All’s Well That Ends Well
This is one of Shakespeare’s plays that generally is grouped in the heading of the “problem comedies” — that is, a comedy (formally — ending in a positive outcome and without any of the major characters dying) that is dark in tonality and filled with the kind of situations that could easily lead to tragedy.
The class of “problem comedies” was proposed by the Shakespeare critic F. S. Boas in 1896 (Shakespeare and his Predecessors). There has been considerable debate about the validity of such a classification at all, but the term has stuck, and may be used advisedly, with a realization of its limitations. To some extent, all of Shakespeare’s comedies are problem comedies. The plays in this group, however, all come fairly late in Shakespeare’s career (1595-1605), and deal with dark themes of unchastity and in particular a threat of rape or some kind of coercive seduction. The problem comedies generally include this play, Measure for Measure, Troilus and Cressida, and some would add a few others to the list, specifically The Winter’s Tale, Timon of Athens, and The Merchant of Venice.
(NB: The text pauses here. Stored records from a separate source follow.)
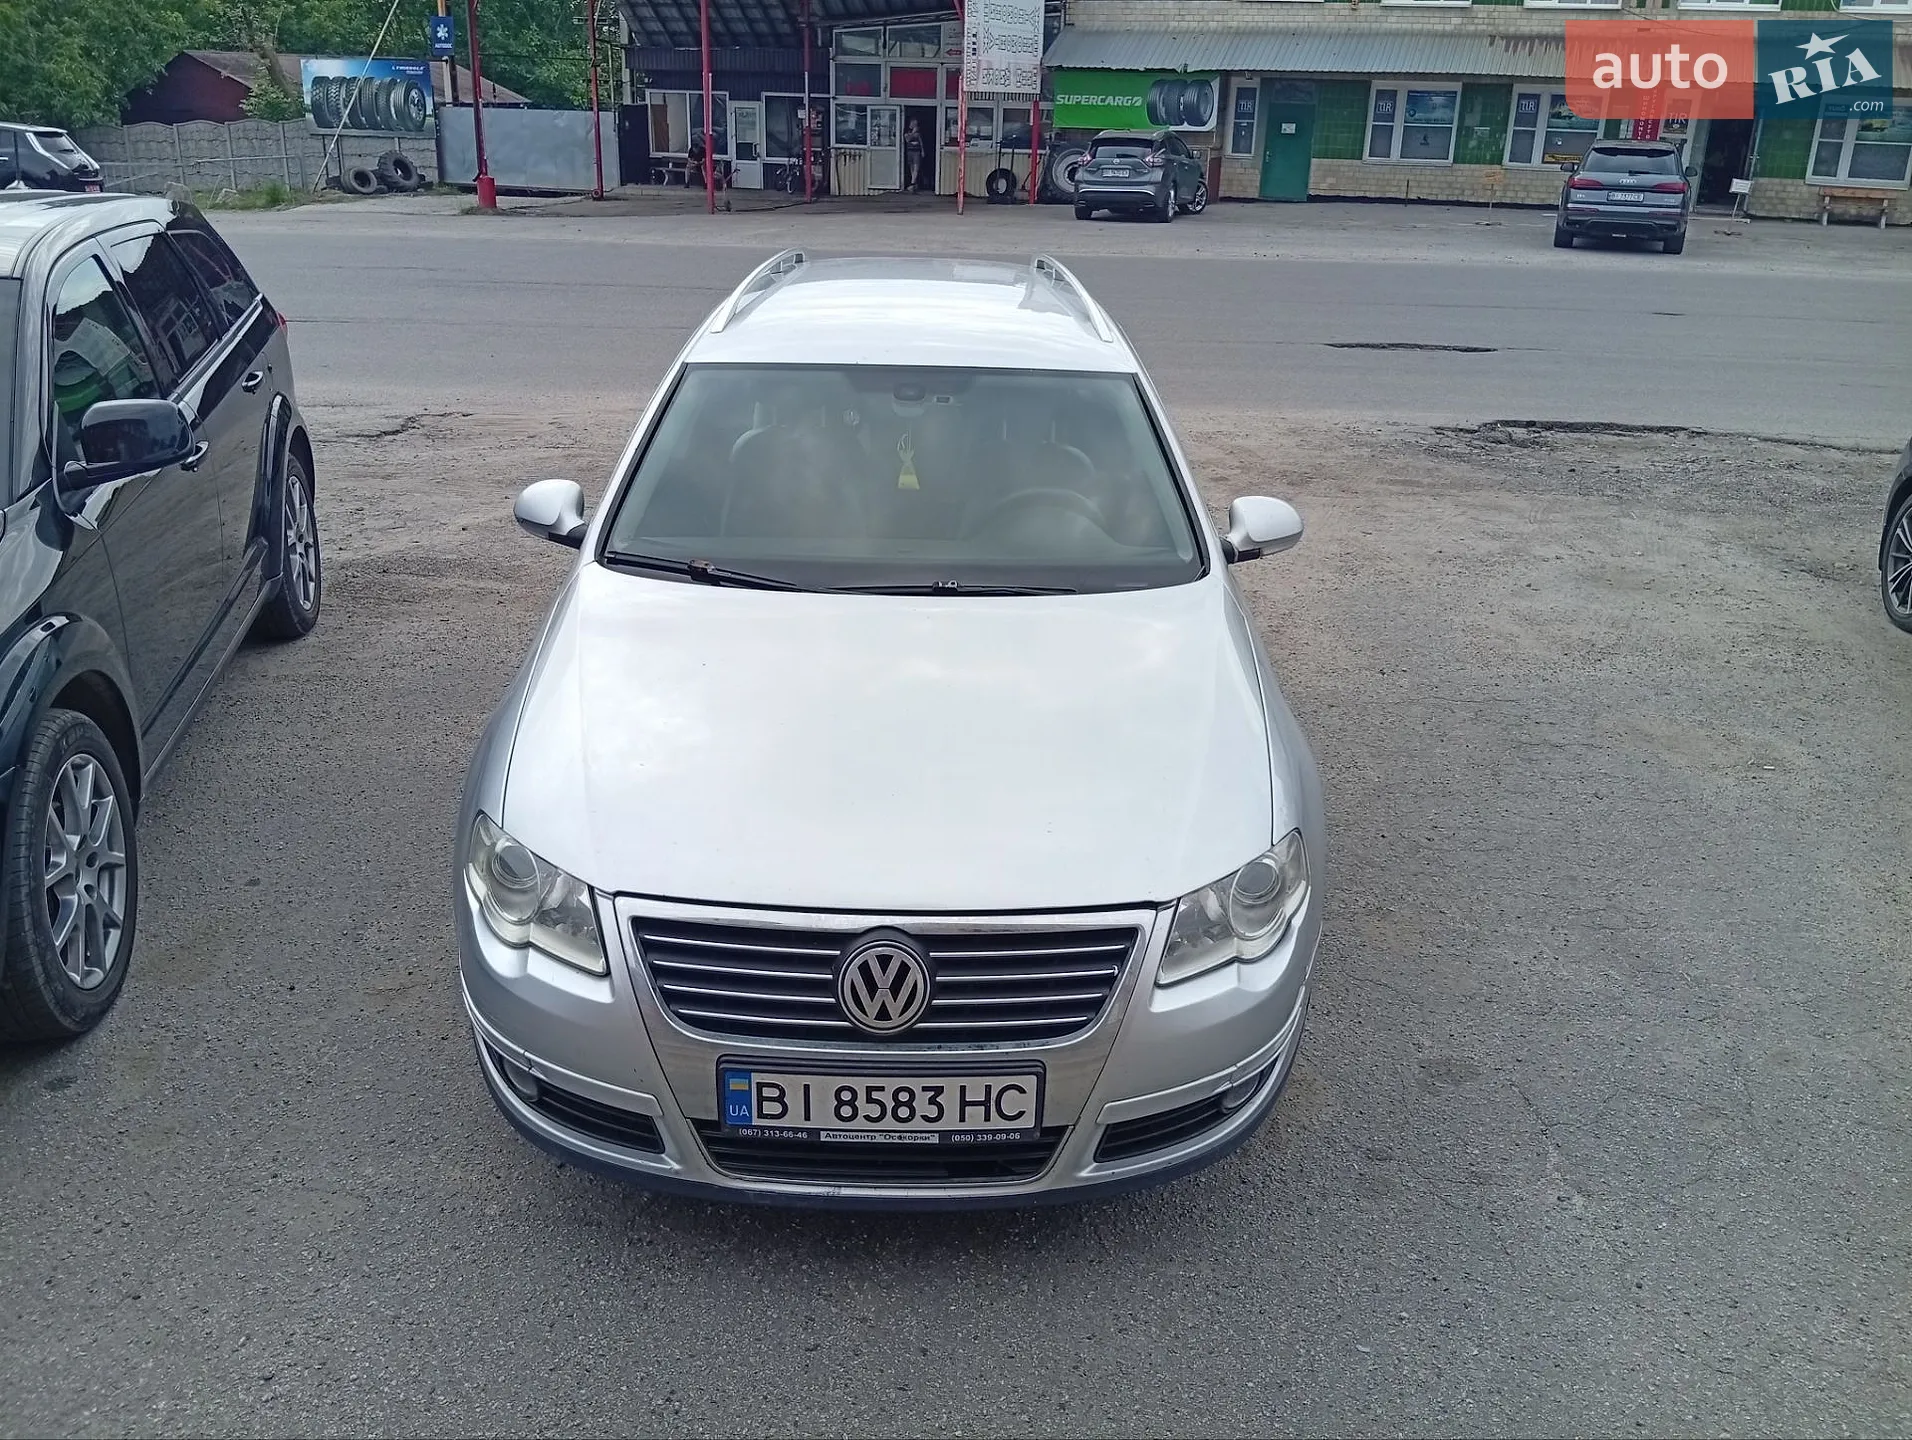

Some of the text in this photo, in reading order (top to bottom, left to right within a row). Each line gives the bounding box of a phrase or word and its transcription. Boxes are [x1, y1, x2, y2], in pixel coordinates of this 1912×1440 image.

[1055, 94, 1143, 107] SUPERCARGO
[1521, 101, 1535, 111] TIR
[1378, 102, 1392, 112] TIR
[1668, 112, 1687, 124] TIR
[756, 1081, 1027, 1124] BI 8583 HC
[730, 1104, 749, 1117] UA
[739, 1128, 761, 1137] (067)
[824, 1131, 877, 1141] Автоцентр
[951, 1132, 1021, 1143] (050) 339-09-06
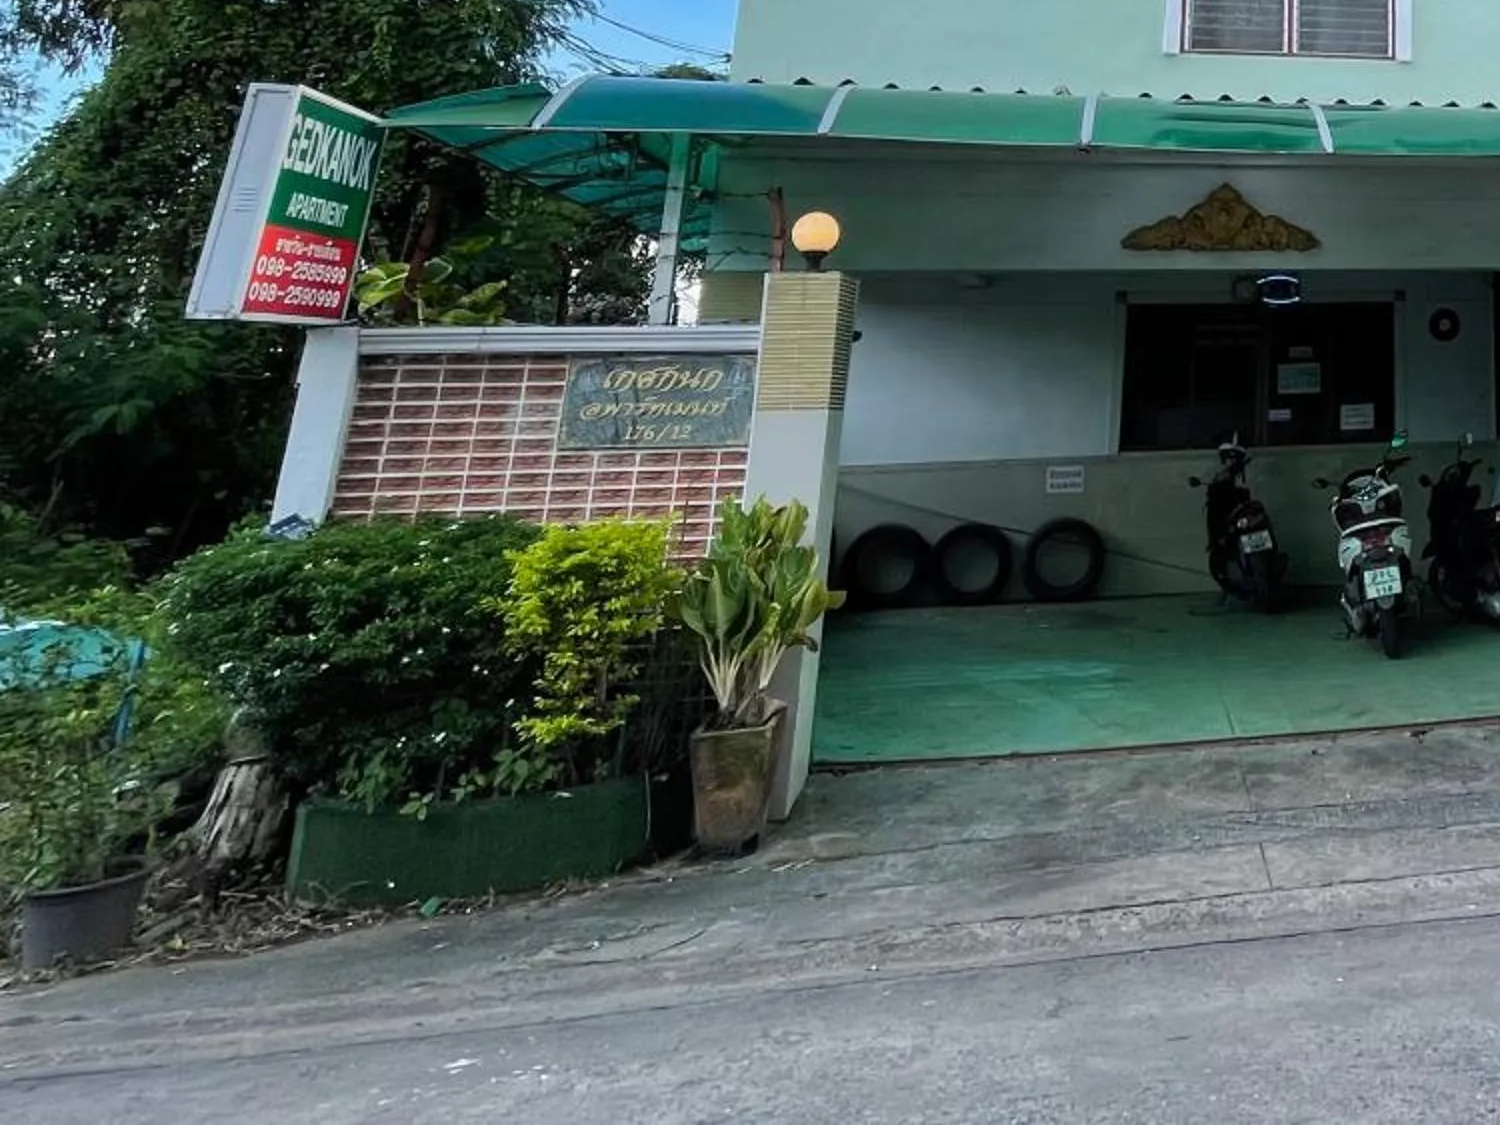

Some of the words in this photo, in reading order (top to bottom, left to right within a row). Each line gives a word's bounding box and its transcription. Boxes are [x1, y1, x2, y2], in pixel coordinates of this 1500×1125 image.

[283, 113, 378, 191] GEDKANOK
[286, 192, 348, 227] APARTMENT
[623, 423, 693, 443] 176/12
Two — this one and Measure for Measure — are resolved in part by the so-called “bed trick” in which a rapist’s purposes are foiled by the substitution of another woman — generally the wife or betrothed of the villain — for the intended victim in such a way that the perpetrator is unaware of the substitution. Even without thinking too much about the practicality of this solution, such plays are obviously rather disturbing in their implications, and I recommend some parental discretion here. It is worth noting, however, that the device has scriptural antecedents (Rachel substituted by Leah), and a number of cases in Arthurian romance, as well as the Decameron of Giovanni Boccaccio. Something like it occurrs in Mozart’s The Marriage of Figaro (based on the play by Beaumarchais). In both instances in Shakespeare’s plays, the “bed trick” is in fact used to rescue conventional sexual morality — leading the husband to consummate his marriage with his wedded or betrothed wife — though it was used for more salacious or lurid purposes by a number of other later poets and playwrights.
For all that, most modern readers and audiences find this at least somewhat distasteful: the faithful wife pursues her increasingly repellent and undeserving husband in spite of his unfaithfulness, and at the end, rather than being squashed like the cockroach he is, he merely has a realization that he’s been missing the point all along, and welcomes his wife at last. Most of us think she deserves far better, and he far less. For all that, there are some human insights, as well as some humor, in the course of the play, and the right performances can awaken those for the attentive viewer.